Make AST package available for generic data manipulation

Hi,

I'm the author of yq (github.com/mikefarah/yq) which is a popular command line tool for manipulating data files (yml, json, xml, properties). I'd love to add TOML support (mikefarah/yq#1364) - and this libary seems like it'd be a best fit...if the internal AST package was made public.

That way I could (attempt) to preserve comments, map key order etc.

Is this something you would consider? Happy to help if I can...

I'd love to support this. That kind of use case is exactly why I designed it with an intermediate AST as opposed to building structures straight from the parser.

The main reason interal/ast is not public at the moment is that I haven't felt confident that its interface was stable enough to meet the backward compatibility guarantees as the rest of the go-toml package. Practically speaking it hasn't moved much recently, but still. If you're ok with me exposing it and trying to not break things on that API (but with no guarantees), I'm happy to!

Sounds like a plan!

…

________________________________ From: Thomas Pelletier ***@***.***> Sent: Friday, October 7, 2022 11:20:54 PM To: pelletier/go-toml ***@***.***> Cc: Mike Farah ***@***.***>; Author ***@***.***> Subject: Re: [pelletier/go-toml] Make AST package available for generic data manipulation (Issue #822) I'd love to support this. That kind of use case is exactly why I designed it with an intermediate AST as opposed to building structures straight from the parser. The main reason interal/ast is not public at the moment is that I haven't felt confident that its interface was stable enough to meet the backward compatibility guarantees as the rest of the go-toml package. Practically speaking it hasn't moved much recently, but still. If you're ok with me exposing it and trying to not break things on that API (but with no guarantees), I'm happy to! — Reply to this email directly, view it on GitHub<#822 (comment)>, or unsubscribe<https://github.com/notifications/unsubscribe-auth/AAIZHNM2626LZSVQ7YYVPG3WCAISNANCNFSM6AAAAAAQ7IHVQQ>. You are receiving this because you authored the thread.Message ID: ***@***.***>

Diving deeper into this - my code is becoming a little unwieldy - it would help if there was a peek function that lets me see what the next expression is without consuming it. Is this possible to add? The issue I'm having is while building a KV map, I need to call NextExpression - eventually that will return something that's not in the KV map - and it's a bit of a wrangle to ensure I then process the 'currentExp' and not skip over it to the NextExp...

Also - can you make the comments available on your Node struct?

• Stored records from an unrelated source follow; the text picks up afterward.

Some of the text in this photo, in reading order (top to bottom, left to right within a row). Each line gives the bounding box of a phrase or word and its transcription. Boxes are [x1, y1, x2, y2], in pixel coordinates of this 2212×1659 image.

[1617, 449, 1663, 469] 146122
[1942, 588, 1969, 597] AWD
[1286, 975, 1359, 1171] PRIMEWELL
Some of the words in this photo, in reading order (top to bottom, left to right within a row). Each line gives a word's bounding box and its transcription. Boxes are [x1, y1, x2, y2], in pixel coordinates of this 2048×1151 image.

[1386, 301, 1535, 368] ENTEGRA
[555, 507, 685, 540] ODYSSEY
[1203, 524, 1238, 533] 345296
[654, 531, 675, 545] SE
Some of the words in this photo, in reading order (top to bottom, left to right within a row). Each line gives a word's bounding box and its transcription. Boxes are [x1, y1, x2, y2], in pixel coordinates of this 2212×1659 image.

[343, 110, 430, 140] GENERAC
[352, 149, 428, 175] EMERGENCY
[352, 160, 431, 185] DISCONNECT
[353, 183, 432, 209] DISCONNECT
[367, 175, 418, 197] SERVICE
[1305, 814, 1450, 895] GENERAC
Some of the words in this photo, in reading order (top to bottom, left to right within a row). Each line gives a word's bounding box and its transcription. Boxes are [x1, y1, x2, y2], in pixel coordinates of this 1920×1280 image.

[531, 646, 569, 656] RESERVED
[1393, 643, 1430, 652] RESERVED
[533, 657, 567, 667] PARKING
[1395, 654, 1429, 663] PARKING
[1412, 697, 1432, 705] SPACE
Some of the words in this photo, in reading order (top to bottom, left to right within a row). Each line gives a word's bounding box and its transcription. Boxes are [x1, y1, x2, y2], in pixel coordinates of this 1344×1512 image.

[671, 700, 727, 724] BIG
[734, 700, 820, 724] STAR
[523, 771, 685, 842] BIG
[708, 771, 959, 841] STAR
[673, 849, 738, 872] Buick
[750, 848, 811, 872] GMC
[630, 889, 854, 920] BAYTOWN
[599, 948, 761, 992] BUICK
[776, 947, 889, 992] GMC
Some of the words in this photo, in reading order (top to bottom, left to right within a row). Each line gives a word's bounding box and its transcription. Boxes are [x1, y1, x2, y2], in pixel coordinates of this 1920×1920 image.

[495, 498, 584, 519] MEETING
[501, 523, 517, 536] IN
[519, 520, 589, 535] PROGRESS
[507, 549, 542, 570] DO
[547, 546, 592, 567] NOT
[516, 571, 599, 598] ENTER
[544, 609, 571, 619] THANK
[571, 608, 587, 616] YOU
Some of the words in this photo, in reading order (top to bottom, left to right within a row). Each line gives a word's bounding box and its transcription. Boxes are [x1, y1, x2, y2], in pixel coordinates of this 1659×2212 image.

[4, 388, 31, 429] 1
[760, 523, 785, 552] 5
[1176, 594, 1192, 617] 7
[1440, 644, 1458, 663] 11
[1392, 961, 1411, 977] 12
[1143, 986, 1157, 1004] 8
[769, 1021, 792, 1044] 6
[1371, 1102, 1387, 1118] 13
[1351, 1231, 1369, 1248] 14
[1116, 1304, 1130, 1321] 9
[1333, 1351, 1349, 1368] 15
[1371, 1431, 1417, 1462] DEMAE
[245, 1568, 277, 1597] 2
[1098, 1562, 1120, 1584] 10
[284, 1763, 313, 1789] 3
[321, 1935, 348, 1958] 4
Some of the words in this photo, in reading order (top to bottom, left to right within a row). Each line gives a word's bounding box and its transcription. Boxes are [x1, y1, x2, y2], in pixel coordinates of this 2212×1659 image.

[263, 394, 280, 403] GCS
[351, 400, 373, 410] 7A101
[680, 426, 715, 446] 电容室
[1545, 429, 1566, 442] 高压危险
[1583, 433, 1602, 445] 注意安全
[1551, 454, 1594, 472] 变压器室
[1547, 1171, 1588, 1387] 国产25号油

Final question (sorry) - how do I write back out as a toml file using this lib?

The issue I'm having is while building a KV map, I need to call NextExpression - eventually that will return something that's not in the KV map - and it's a bit of a wrangle to ensure I then process the 'currentExp' and not skip over it to the NextExp...

The way I've been doing it in the unmarshaler is to "stash" the expression, so that my next call to NextExpression returns the last read exception and toggles a flag to resume parsing with the call after that:

go-toml/unmarshaler.go

Line 568 in 58a592b

d.stashExpr()

We could probably create a some tooling or abstraction over that. Happy to take ideas of what an interface over that would look like.

Can you make the comments available on your Node struct?

It's possible, but at the moment the parser skips over them (because unmarshaler wouldn't need it). I'm unclear how to represent them though.

how do I write back out as a toml file using this lib?

Easiest today is to create a structure that represents the document you want to emit, and use toml.Marshal.

Ideally it'd be something like parser.Peek() and it would return a *Node just like the Expression() function. Not a big deal - I've kinda of worked around the issue - but it would simplify the code if it existed.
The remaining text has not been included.